• [PROBLEM DESCRIPTION]:
Reproduce the listing that follows in full. Omit its images.
"""
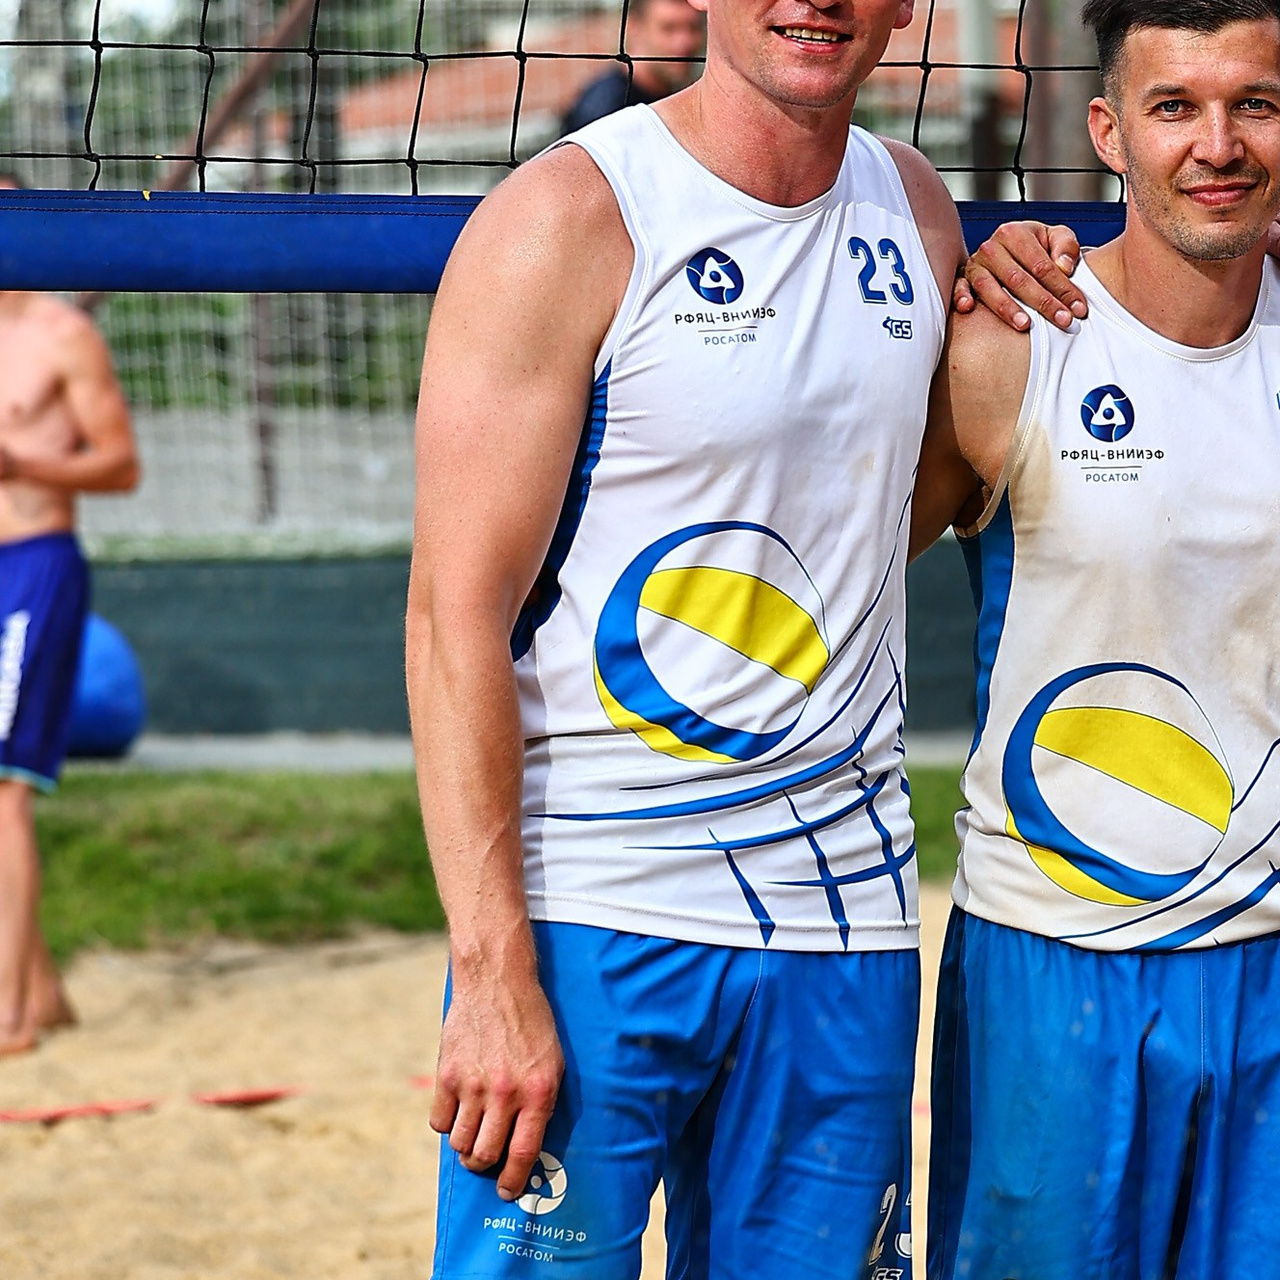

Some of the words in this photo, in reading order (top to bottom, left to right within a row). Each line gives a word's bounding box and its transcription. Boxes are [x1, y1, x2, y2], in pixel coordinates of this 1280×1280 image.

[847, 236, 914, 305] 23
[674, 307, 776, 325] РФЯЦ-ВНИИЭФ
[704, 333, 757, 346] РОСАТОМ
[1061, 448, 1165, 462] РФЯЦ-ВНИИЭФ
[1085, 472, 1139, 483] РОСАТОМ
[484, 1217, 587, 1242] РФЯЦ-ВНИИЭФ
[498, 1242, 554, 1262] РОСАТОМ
"""
• [RESULT BELOW]:
Some of the words in this photo, in reading order (top to bottom, left to right within a row). Each line gives a word's bounding box and its transcription. Boxes are [x1, y1, x2, y2], in pixel coordinates of this 1280×1280 image.

[847, 236, 914, 305] 23
[674, 307, 776, 325] РФЯЦ-ВНИИЭФ
[704, 333, 757, 346] РОСАТОМ
[1061, 448, 1165, 462] РФЯЦ-ВНИИЭФ
[1085, 472, 1139, 483] РОСАТОМ
[484, 1217, 587, 1242] РФЯЦ-ВНИИЭФ
[498, 1242, 554, 1262] РОСАТОМ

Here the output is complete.